Dishonesty is the best policy?

If we all named our favorite parable, I’d bet that the parable of the Dishonest Steward is not on anyone’s list.  It’s a difficult parable.  

What is going on in this parable?  Joel B. Green in his commentary on Luke reminds us that we ought not to read this parable allegorically; that is trying to make a character in the parable stand for God or Jesus.  This parable uses common place everyday life (in the first century CE) to draw a startling conclusion.

Green also points out that at the time Jesus lived, friendship and money and social status were closely related. “Using money to make friends, then, refers simply to the social reality: The exchange of money created, maintained, or solidified various forms of friendship.” *

Summing up this parable and the rest of chapter 16, Green says, “Faithfulness to God is demonstrated in the extension of hospitality to the poor. Such hospitality occasions the redistribution of wealth to those incapable of reciprocation, underscores the importance of the creation of friendship across social boundaries, and secures an eternal home.”#

But still, the actions of the steward are hard to accept.

Luke Timothy Johnson  has this to say, “…[T]he parable turns on the steward’s shrewd response to the urgency of his situation and invites hearers to understand that they are likewise in the midst of a crisis that demands an urgent decision if disaster is to be avoided. Faced with loss of his position, the dishonest steward acted decisively to provide for his future. One who hears the gospel knows that just such a decisive act is required of those who will stake their all on the coming kingdom of God.” +

Doug Lee at the Ekklesia Project has this to say, “His [Jesus] desire in Luke 16 is for the rich/Pharisees to exhibit the same shrewdness as the manager, who finds scandalous grace by using temporal wealth to build eternal friendship.”

I found all these commentators helpful, quiet helpful in fact. I understand what they are saying, yet I remain uncomfortable with this parable.  I have trouble getting past, what I see as the dishonesty of the steward. My discomfort with this parable is in itself uncomfortable.This parable puts me where I don’t want to be -the Pharasees- more concerned with socially correct behavior and the ownership of things than I should be. And, even worse, more concerned about the rich person’s money than grace, hospitality, and friendship.   Not a view of myself I like to acknowledge.

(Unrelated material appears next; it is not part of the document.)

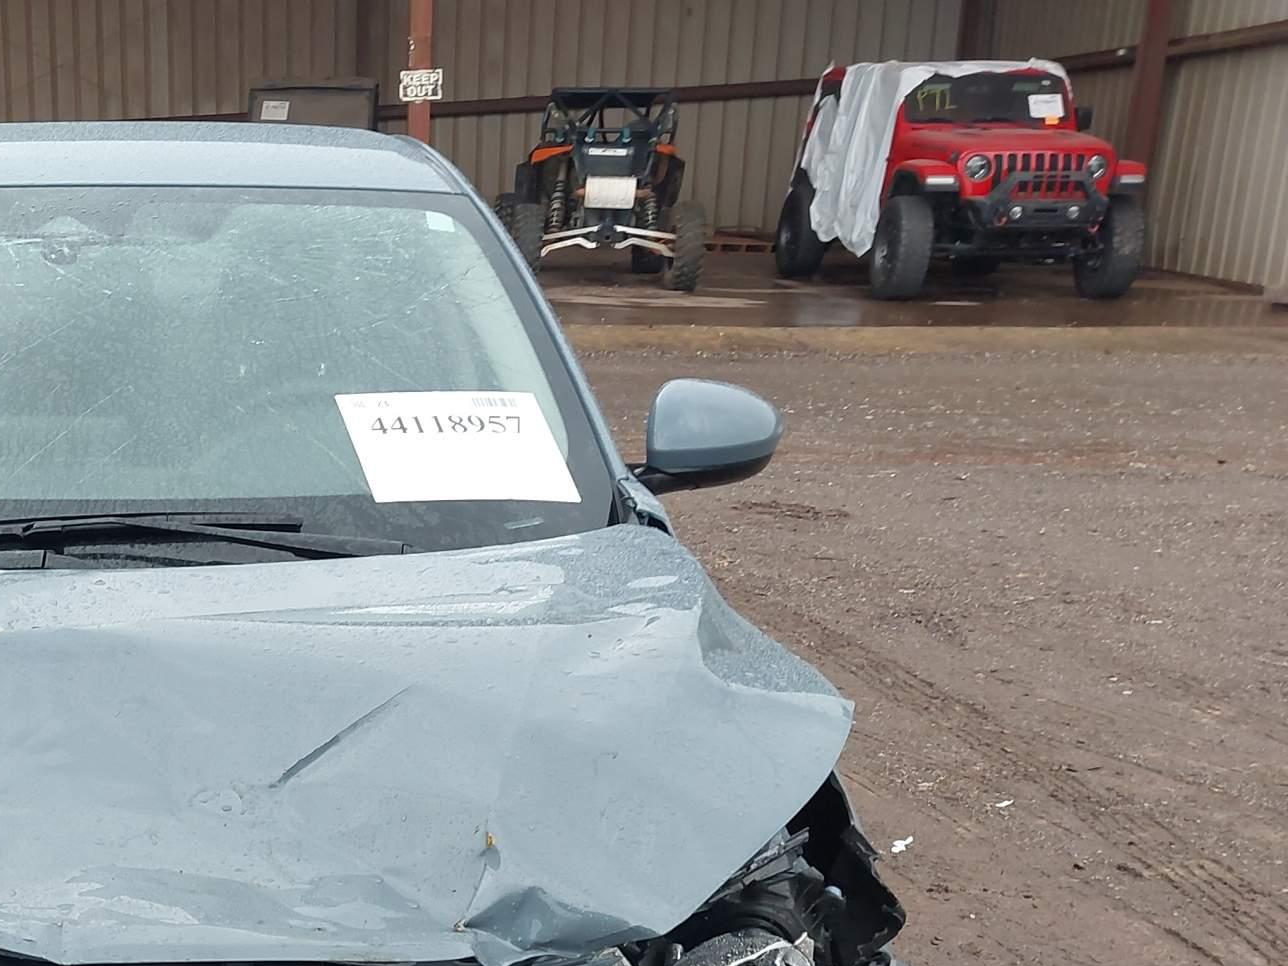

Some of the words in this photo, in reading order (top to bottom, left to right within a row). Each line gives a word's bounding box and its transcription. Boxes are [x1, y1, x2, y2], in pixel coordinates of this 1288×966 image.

[403, 73, 439, 86] KEEP
[406, 85, 436, 97] OUT
[371, 415, 521, 434] 44118957
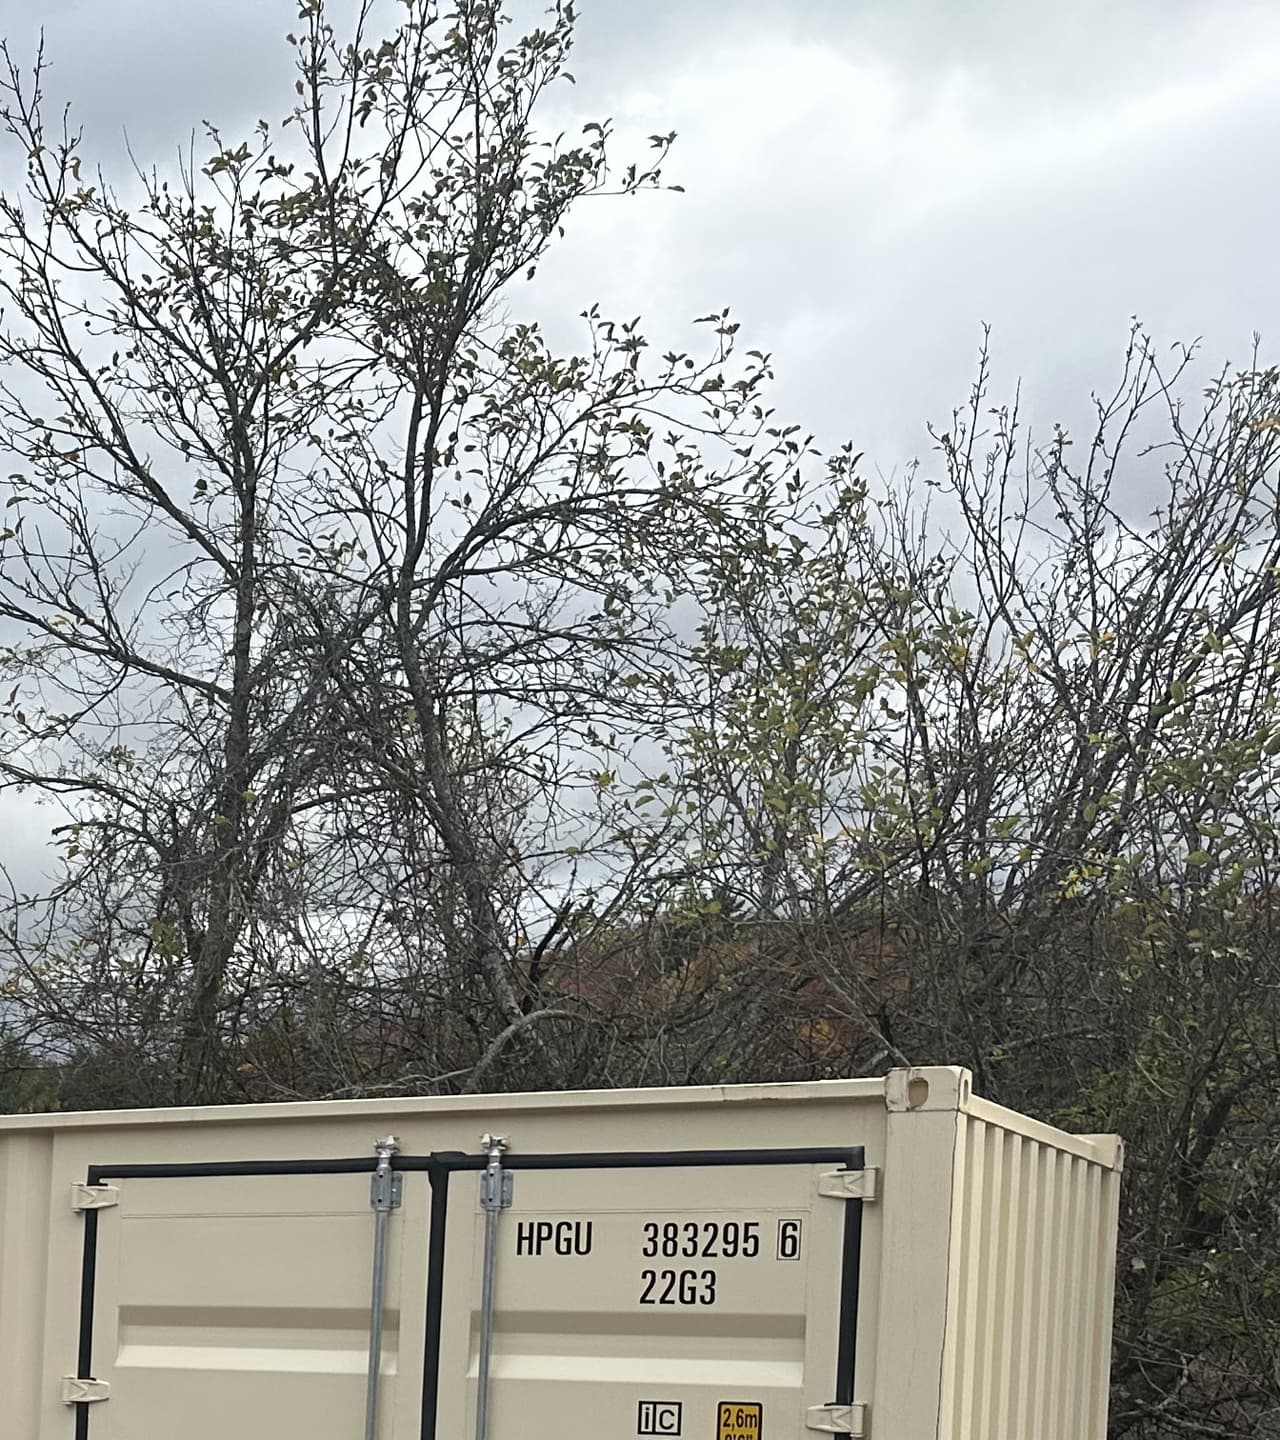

There is one thing I appreciate about this parable.  This parable has resisted becoming a warm, fuzzy, make me feel good about myself parable – the fate of so many other parables. I suspect that my shocked hearing of  this parable is similar to the reaction of Jesus’ listeners to most of what he said. It may be one of the few instances, after 2000 years of Christianity, where we are uncomfortably confronted with the revolutionary and disturbing call of Jesus.

I’d like to know, what do you think?

 ____________________________________

*Joel B. Green  in The Gospel of Luke, The New International Commentary on the New Testament, (Grand Rapids, MI: William B. Eerdmans Publishing Company,1997) , 594

# Green, 588

+Luke Timothy Johnson in “The Gospel of Luke, Introduction, Commentary, and Reflections” in The New Interpreter’s Bible, Vol IX.Leander Keck ed. (Nashville: Abingdon Press, 1995) 310.